Market Report & Analysis for 5/2/2018 Morning Edition

by | May 1, 2018 | EMI, Fuels & Markets, Industry News

Morning Market Overview

After starting the week strongly lower oil prices reversed course intraday and pushed into positive territory by the end of the trading session Monday.

The reversal catalyst was a result of comments coming from Israel’s Prime Minister Netanyahu indicating that they have proof that Iran lied about their nuclear program after signing the deal with the west. The comments are feeding into a growing view that the US may pull the plug on the deal and re- impose strong sanctions against Iran.
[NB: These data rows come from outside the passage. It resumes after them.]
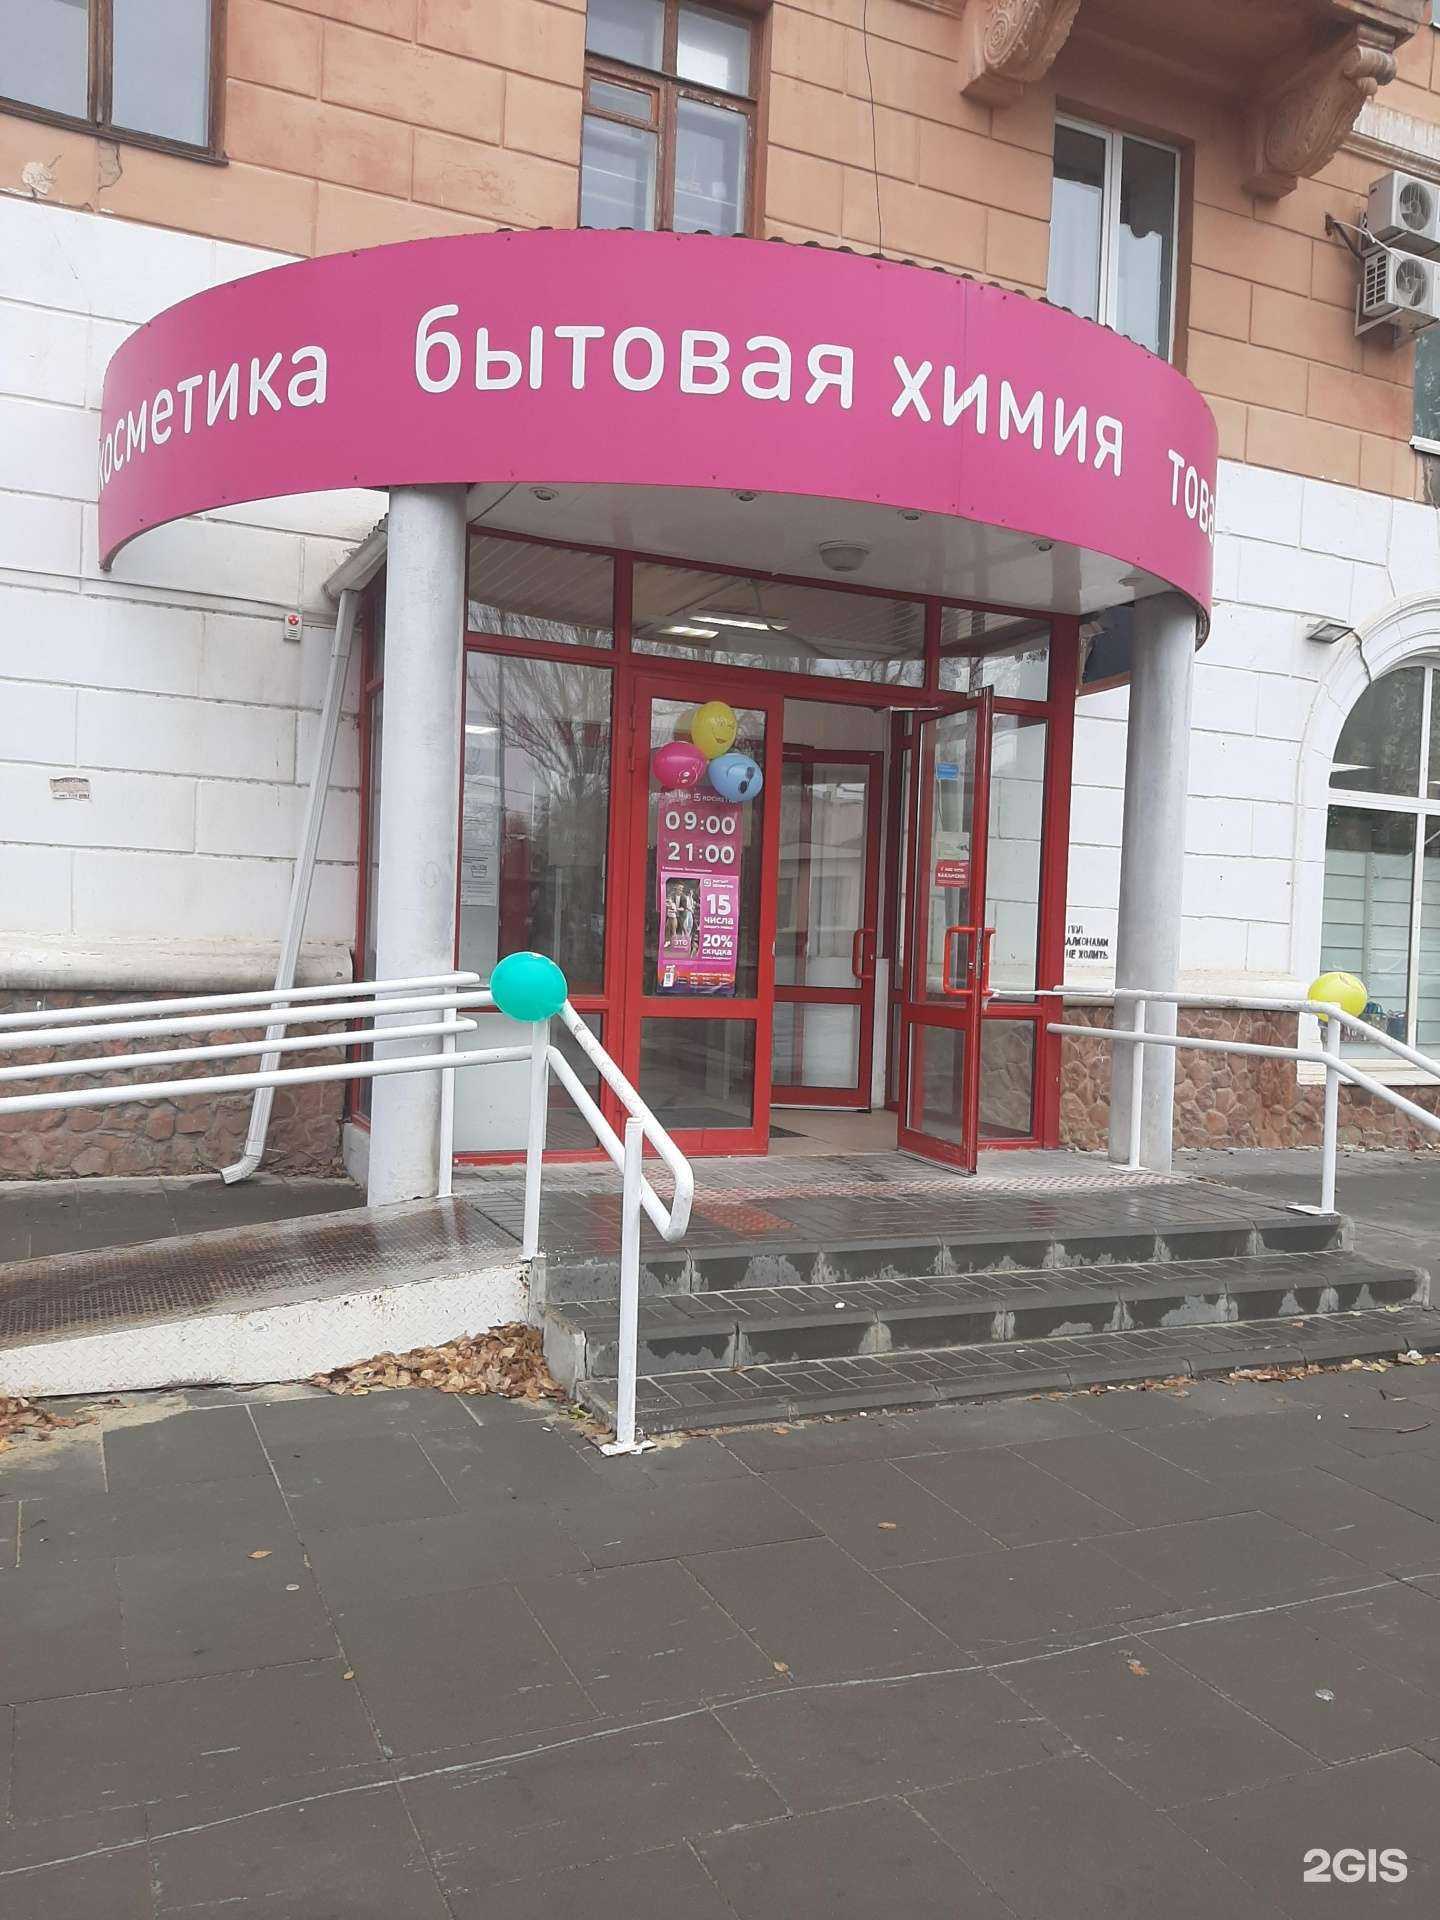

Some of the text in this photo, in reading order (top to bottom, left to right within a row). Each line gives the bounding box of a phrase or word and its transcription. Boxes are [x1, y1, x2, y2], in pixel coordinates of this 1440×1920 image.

[414, 304, 854, 410] бытовая
[891, 354, 1124, 477] химия
[665, 810, 736, 835] 09:00
[667, 841, 735, 864] 21:00
[706, 893, 731, 915] 15
[703, 916, 734, 925] числа
[702, 934, 733, 948] 20%
[702, 948, 733, 956] скидка
President Trump has until May 12th to decide on whether to restore sanctions on Iran that were removed after the nuclear deal was signed. Thus, this issue will likely be a volatile catalyst that will continue to impact the short- term direction of oil prices until the US decision is known. Between now and then it is highly unlikely that oil prices will drop significantly unless the signal from the US turns out to be to just roll-over the current agreement as is. As we have been suggesting we remain short and medium term bullish for oil prices.

Monday’s intraday price activity supports the view of taking advantage of buying dips rather than selling short term rallies is still the optimum strategy. This week’s round of oil inventory reports will be scrutinized very closely after the EIA reported a small build in total US combined stocks of crude oil and refined products last week. On the financial front global equity markets were mixed on Monday.
The EMI Index ended the trading day higher even with a strong decline in US equities. The EMI Index increased 0.30 percent on the day with the year to date gain at 4 percent. Four of the ten bourses in the Index remain in positive territory for 2018 with China still holding the worst performing spot in the Index with Brazil in the top spot with a 13.1 percent gain for the year.

The positive value direction in global equity markets was a positive price driver for the oil complex. On the currency front the US dollar Index traded higher for the day with the Yen/USD and the Euro/USD lower. Overall the currency markets were a negative price driver for the oil complex.